Instructions to follow:
Each line of the listing must be transcribed exactly, except for the images, which should be excluded.
[Start of section]
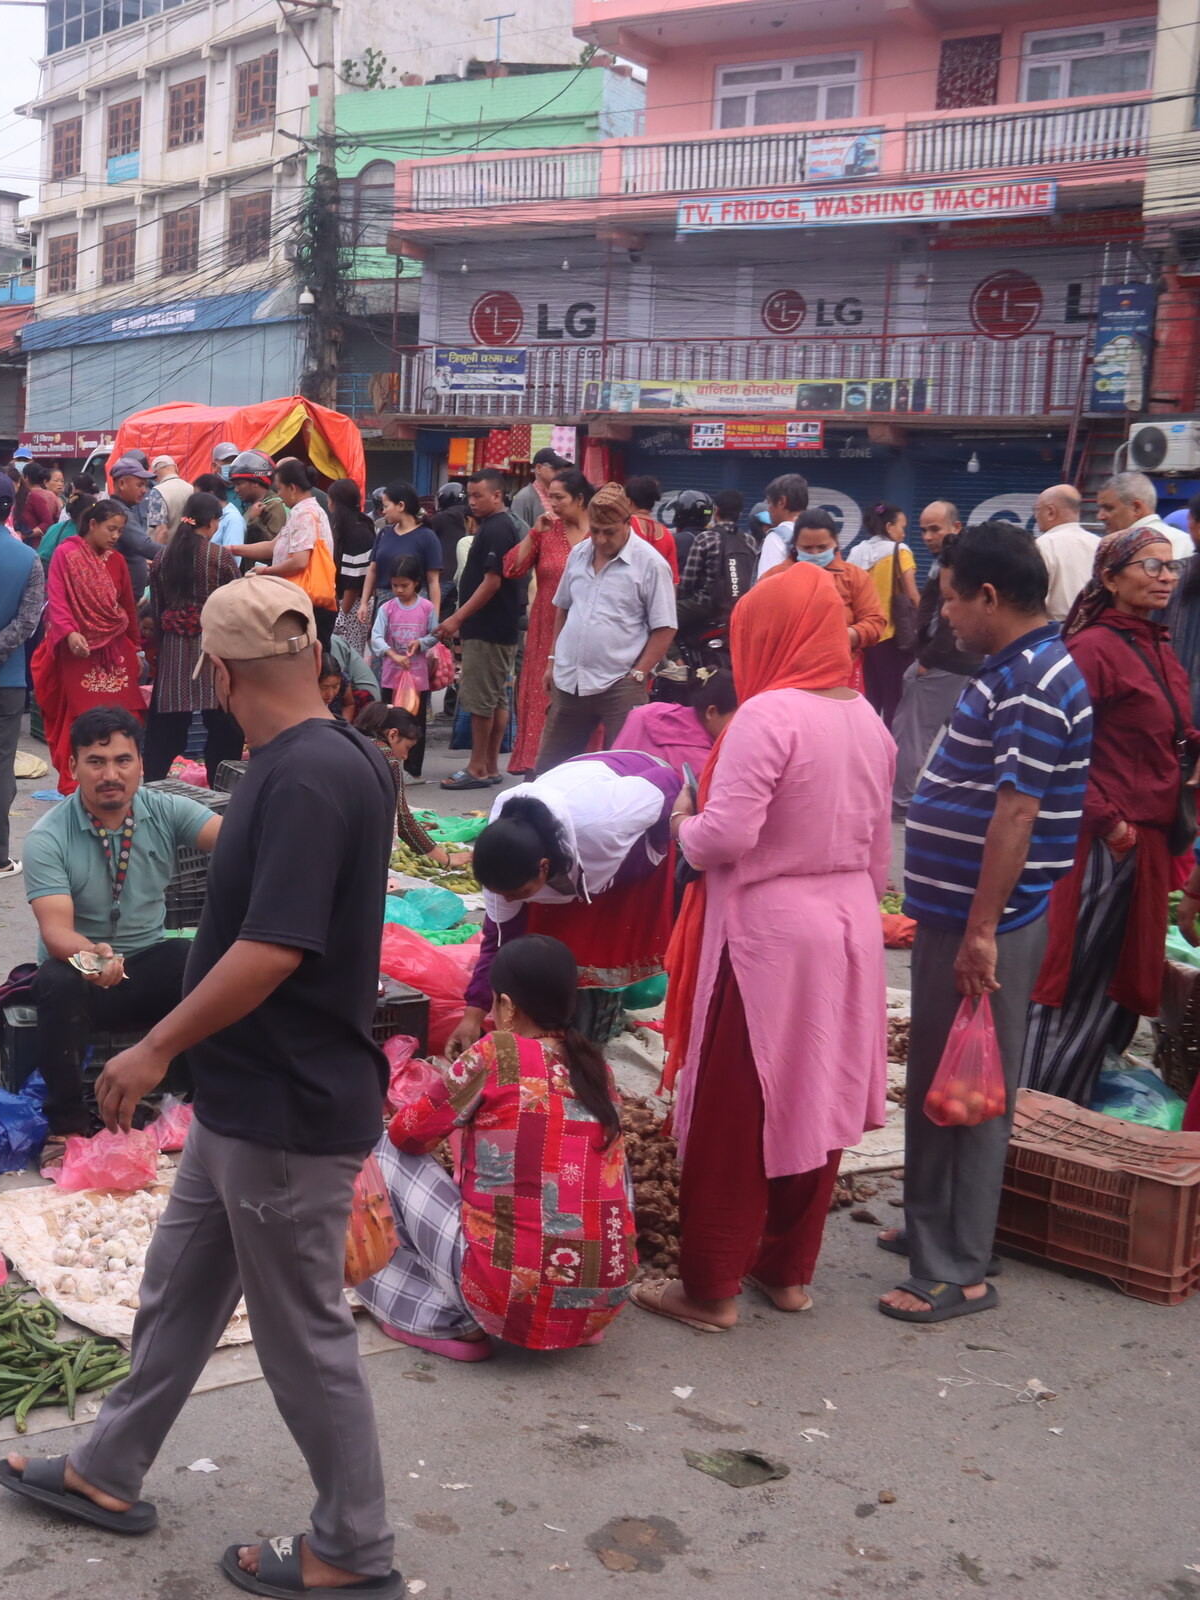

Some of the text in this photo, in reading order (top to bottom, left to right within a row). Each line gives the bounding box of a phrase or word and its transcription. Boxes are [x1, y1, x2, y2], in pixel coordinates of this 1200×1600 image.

[681, 183, 1050, 225] TV, FRIDGE, WASHING MACHINE
[536, 302, 597, 339] LG
[815, 297, 863, 326] LG
[1064, 283, 1098, 323] L
[778, 448, 829, 458] MOBILE
[838, 447, 872, 458] ZONE
[728, 558, 740, 598] Reebok
[End of section]
Answer to the exercise:
Some of the text in this photo, in reading order (top to bottom, left to right within a row). Each line gives the bounding box of a phrase or word and its transcription. Boxes are [x1, y1, x2, y2], in pixel coordinates of this 1200×1600 image.

[681, 183, 1050, 225] TV, FRIDGE, WASHING MACHINE
[536, 302, 597, 339] LG
[815, 297, 863, 326] LG
[1064, 283, 1098, 323] L
[778, 448, 829, 458] MOBILE
[838, 447, 872, 458] ZONE
[728, 558, 740, 598] Reebok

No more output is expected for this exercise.